Getting some students there part of the challenge

Rick Green

November 12, 2010

After the euphoric announcement that there's a free college education waiting for any kid from New Haven, then what?

You realize how complicated it is to make good on an offer like this.

George Weiss — a Wall Street investor who is the granddaddy of free college promises — has learned that urban students need far more than a feel-good promise. For two decades, his Say Yes to Education program has been dangling the high education carrot in front of inner-city children.

"Their expectation is of not going to college,'' said Weiss, who has poured millions of dollars into his initiative, with chapters in Hartford, Philadelphia, Boston, New York and Syracuse. "You have to change that expectation."

I remember wandering around West Philadelphia in 1992 as Weiss tried to explain to me, a visiting reporter, just how hard it was to guarantee a college education for kids whose families have never known higher education before.
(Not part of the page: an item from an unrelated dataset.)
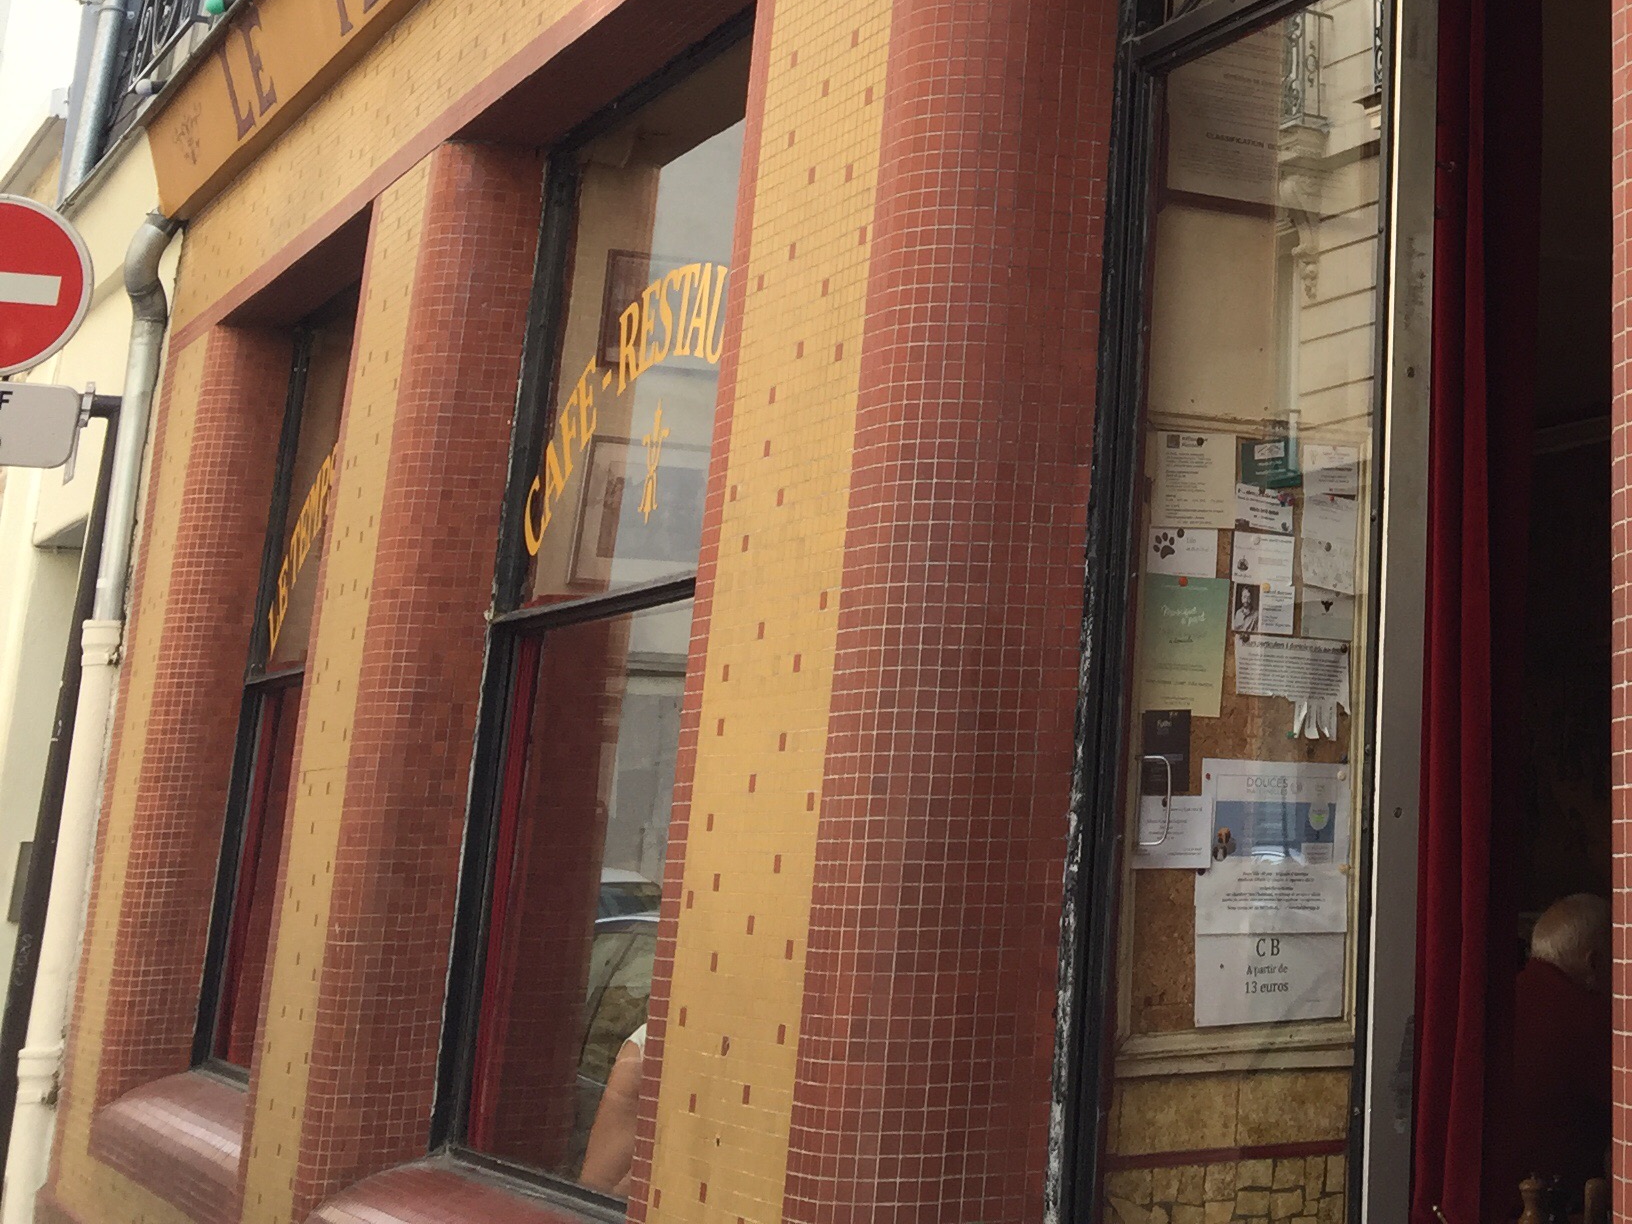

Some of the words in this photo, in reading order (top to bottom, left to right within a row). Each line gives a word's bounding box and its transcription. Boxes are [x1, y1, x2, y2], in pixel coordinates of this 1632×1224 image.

[217, 7, 277, 141] LE
[1278, 963, 1288, 974] de
[1245, 981, 1257, 994] 13
[1260, 982, 1288, 993] euros
It wasn't so much the free ride to college, Weiss told me back then. It's getting them there. Later, he would realize it's also pretty hard to keep a kid in college once he gets to college.
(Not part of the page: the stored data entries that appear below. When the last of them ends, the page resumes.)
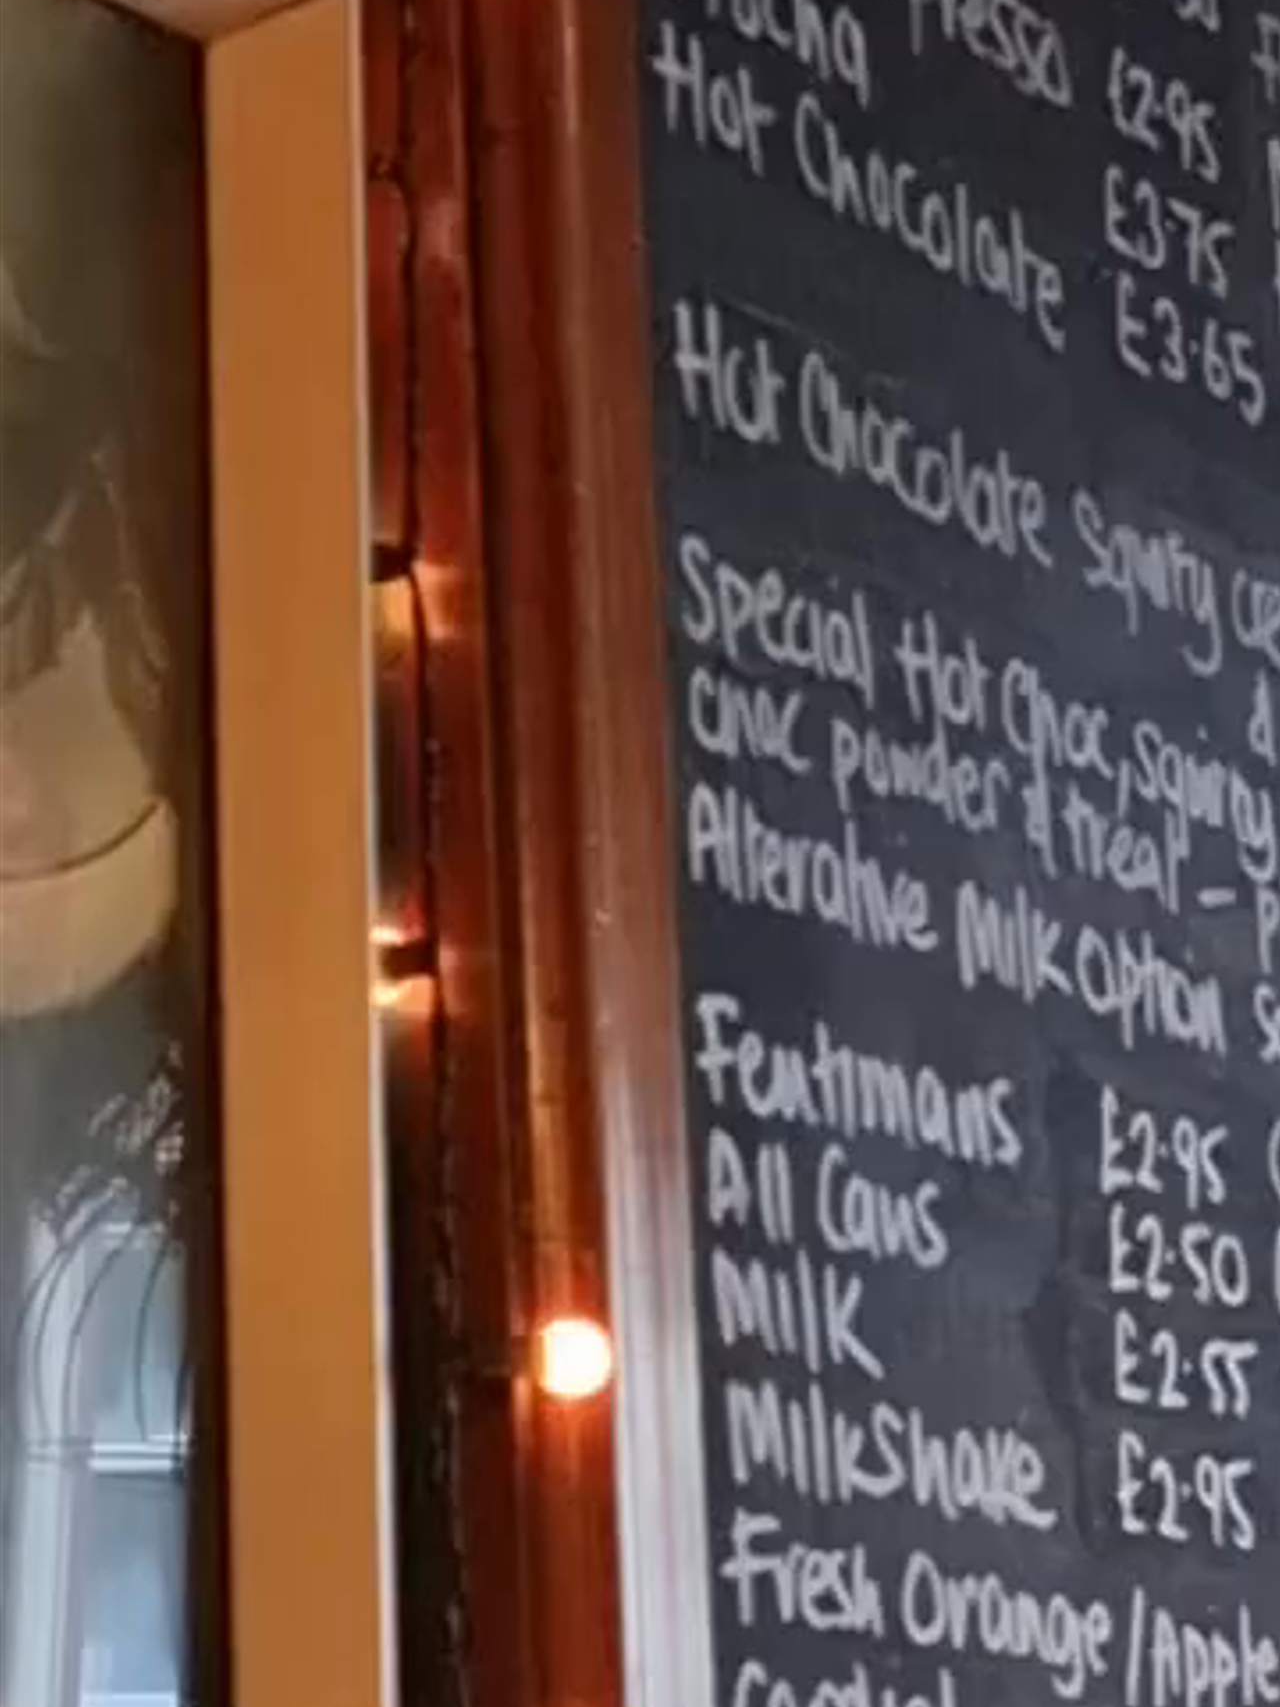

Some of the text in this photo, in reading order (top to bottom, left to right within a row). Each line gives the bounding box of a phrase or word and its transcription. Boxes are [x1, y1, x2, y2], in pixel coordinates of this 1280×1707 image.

[652, 21, 1266, 425] Hot Chocolate £3.65
[1103, 164, 1233, 297] £3.75
[673, 300, 783, 442] Hot
[799, 352, 1052, 566] Chocolate
[679, 534, 874, 702] Special
[894, 611, 989, 730] Hot
[830, 718, 1009, 831] powder
[697, 993, 1021, 1165] Fentimans
[1099, 1084, 1227, 1207] £2.95
[707, 1128, 793, 1240] All
[816, 1144, 948, 1268] Cans
[1108, 1203, 1249, 1306] £2.50
[1113, 1309, 1258, 1417] £2.55
[1116, 1430, 1255, 1550] £2.95
[722, 1510, 883, 1633] Fresh
Long before high school graduation, teenagers from the city can get pregnant, shot, evicted or arrested. Families fall apart and mothers and fathers lose their jobs. They need tutors and summer jobs and counseling. They need somebody to call in the middle of the night. They drop out.
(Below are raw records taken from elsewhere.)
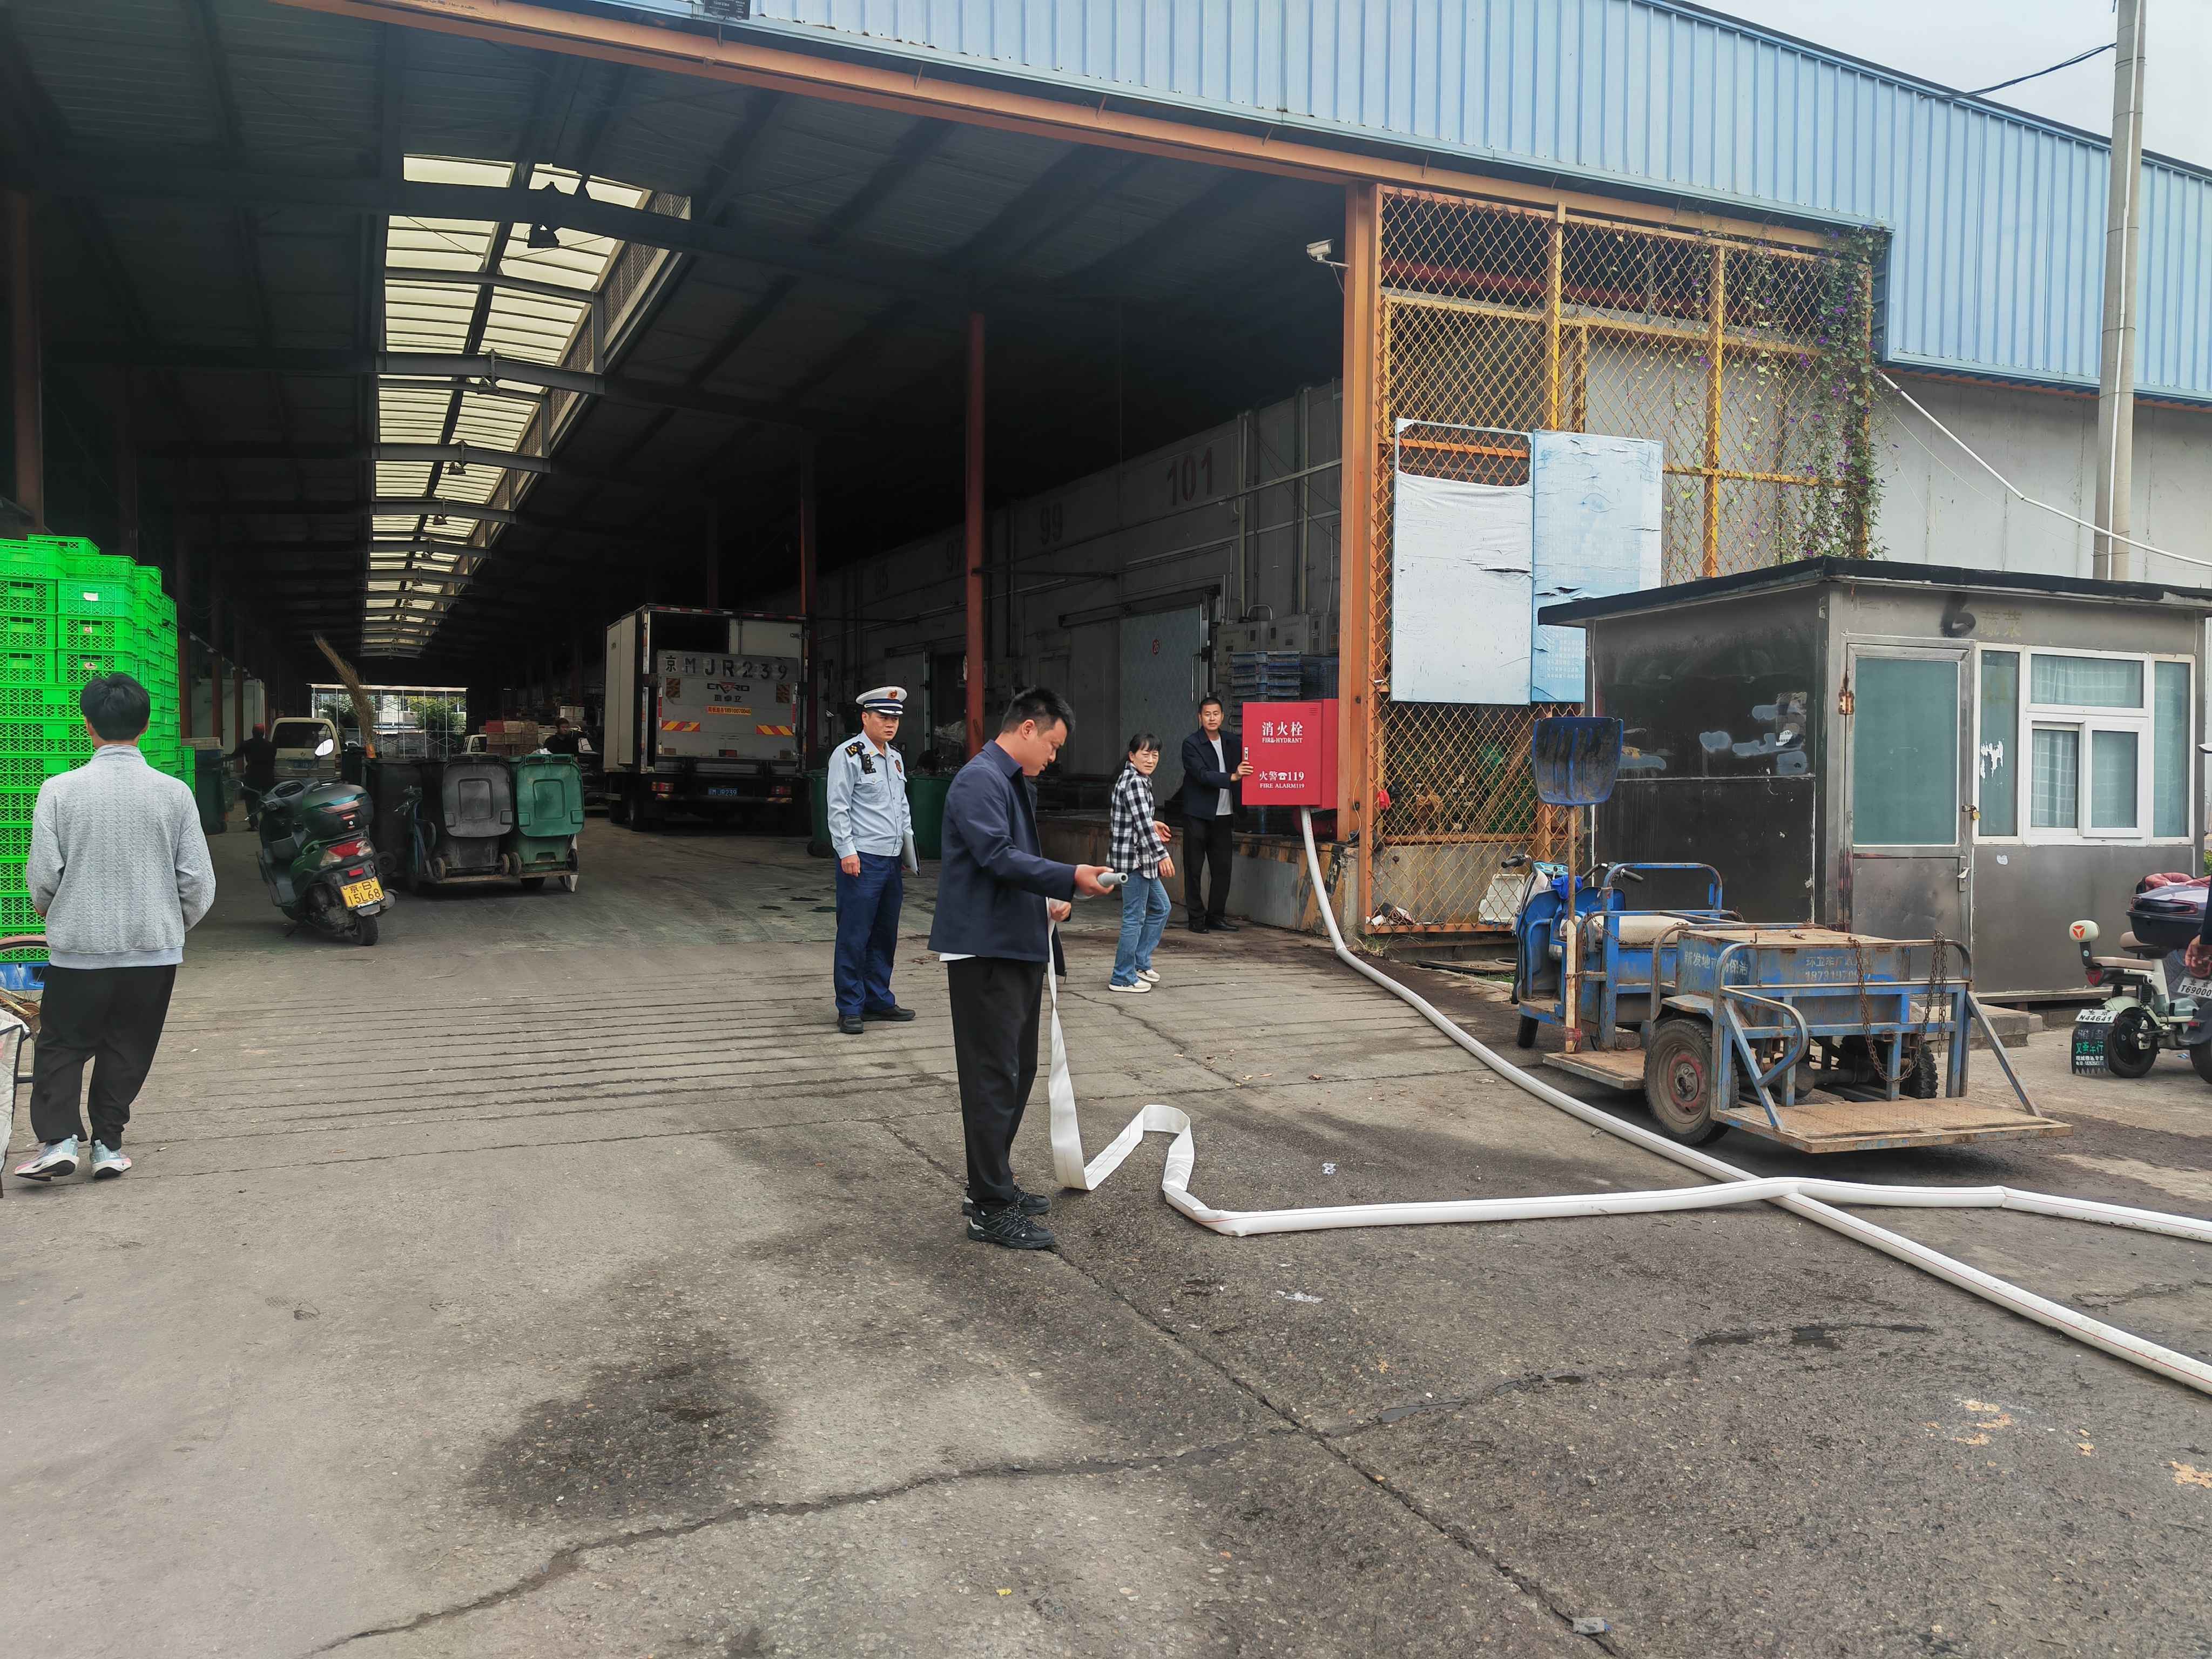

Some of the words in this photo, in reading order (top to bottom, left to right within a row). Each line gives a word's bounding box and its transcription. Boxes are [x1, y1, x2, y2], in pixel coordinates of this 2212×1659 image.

[1166, 447, 1215, 506] 101
[1039, 502, 1064, 545] 99
[947, 536, 963, 572] 97
[665, 656, 788, 680] 京MJR239
[1262, 721, 1303, 736] 消火栓
[1288, 771, 1304, 781] 119
[348, 888, 380, 905] 15L68
[2181, 984, 2212, 996] T69000
"The mistake we learned from is we never taught our kids how to handle divorce or how to handle a mortgage payment. You assume those things. But most of them had no fathers. When they have a divorce when they are older, they fall apart," said Weiss, whose money management firm has offices in Hartford and New York.

Yale University announced this week that it will donate $4 million annually to fund the New Haven Promise, which, after a phasing-in period, pledges to pay full college tuition at a public school for students who maintain a B average, attend school and demonstrate good citizenship.

"I think what Yale has done is tremendous,'' Weiss said. "But how much programmatic support are they giving? What happens when you put a pot of gold at the end of the rainbow is that you reach the kid who is going to be reached anyway.''

"Then what happens to the rest of the population? You have to increase the probabilities of these kids making it. You've got to have social workers. You don't just have to prepare them academically. You need the after-school programs. You need need summer school. You need to level the playing field."

Say Yes has learned that the earlier they can get to students — even fifth grade, when one Hartford group started, is late — the more likely that they will make it to graduation and college.

Weiss told me he also has learned that a promise to pay for college must address entire communities. Parents, children and even teachers are all asked to do more. The latest Say Yes program is a citywide initiative in Syracuse, not unlike the just-announced New Haven Promise.

"You have to intervene in the families,'' Weiss said. ''You have to help them with their social ills."

Mayor John DeStefano told me that the city will provide that ongoing help for an initiative that he and Yale President Richard Levin envision as an economic engine for the New Haven region.

"If Connecticut is going to succeed, then the workforce in our cities has to be prepared for that growth,'' DeStefano said. "I want people to become homeowners, to become taxpayers."

Say Yes has shown there is great potential with programs like this, albeit with a lot of work and a lot of extra money. Among recent classes of Say Yes students, the high school graduation rate is close to 80 percent, about double what we've seen in a city such as Hartford.

The thing I always liked about Say Yes was a wealthy businessman who believed that poor kids in Philadelphia or Hartford deserved to make it in college. New Haven, with Yale's example, might provide more evidence that this model can work and attract others.

When children feel optimistic about the future, good things happen, Weiss reminded me this week. "That's how you turn a city around."